>>>>

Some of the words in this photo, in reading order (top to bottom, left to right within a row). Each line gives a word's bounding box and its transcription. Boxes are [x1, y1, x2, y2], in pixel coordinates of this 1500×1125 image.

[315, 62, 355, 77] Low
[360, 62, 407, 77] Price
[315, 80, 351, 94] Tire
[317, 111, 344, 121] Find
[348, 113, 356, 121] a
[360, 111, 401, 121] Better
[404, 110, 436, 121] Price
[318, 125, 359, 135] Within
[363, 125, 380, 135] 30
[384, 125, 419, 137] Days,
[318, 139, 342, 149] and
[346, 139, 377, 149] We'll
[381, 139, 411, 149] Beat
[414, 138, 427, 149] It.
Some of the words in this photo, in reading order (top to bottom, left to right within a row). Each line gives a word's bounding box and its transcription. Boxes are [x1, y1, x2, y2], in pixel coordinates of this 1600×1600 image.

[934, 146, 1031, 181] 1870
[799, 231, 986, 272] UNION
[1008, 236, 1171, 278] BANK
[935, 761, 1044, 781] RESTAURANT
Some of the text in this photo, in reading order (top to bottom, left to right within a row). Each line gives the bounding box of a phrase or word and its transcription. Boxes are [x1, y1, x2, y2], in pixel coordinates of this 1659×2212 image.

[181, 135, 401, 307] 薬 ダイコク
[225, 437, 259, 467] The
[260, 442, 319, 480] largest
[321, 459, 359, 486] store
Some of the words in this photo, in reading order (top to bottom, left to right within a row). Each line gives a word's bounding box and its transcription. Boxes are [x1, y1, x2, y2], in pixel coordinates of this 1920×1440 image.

<<<<

What is needed: Every entry must be printed again, exactly as it reads.

Response to this exercise:
Some of the words in this photo, in reading order (top to bottom, left to right within a row). Each line gives a word's bounding box and its transcription. Boxes are [x1, y1, x2, y2], in pixel coordinates of this 1500×1125 image.

[315, 62, 355, 77] Low
[360, 62, 407, 77] Price
[315, 80, 351, 94] Tire
[317, 111, 344, 121] Find
[348, 113, 356, 121] a
[360, 111, 401, 121] Better
[404, 110, 436, 121] Price
[318, 125, 359, 135] Within
[363, 125, 380, 135] 30
[384, 125, 419, 137] Days,
[318, 139, 342, 149] and
[346, 139, 377, 149] We'll
[381, 139, 411, 149] Beat
[414, 138, 427, 149] It.
Some of the words in this photo, in reading order (top to bottom, left to right within a row). Each line gives a word's bounding box and its transcription. Boxes are [x1, y1, x2, y2], in pixel coordinates of this 1600×1600 image.

[934, 146, 1031, 181] 1870
[799, 231, 986, 272] UNION
[1008, 236, 1171, 278] BANK
[935, 761, 1044, 781] RESTAURANT
Some of the text in this photo, in reading order (top to bottom, left to right within a row). Each line gives the bounding box of a phrase or word and its transcription. Boxes are [x1, y1, x2, y2], in pixel coordinates of this 1659×2212 image.

[181, 135, 401, 307] 薬 ダイコク
[225, 437, 259, 467] The
[260, 442, 319, 480] largest
[321, 459, 359, 486] store
Some of the words in this photo, in reading order (top to bottom, left to right within a row). Each line gives a word's bounding box and its transcription. Boxes are [x1, y1, x2, y2], in pixel coordinates of this 1920×1440 image.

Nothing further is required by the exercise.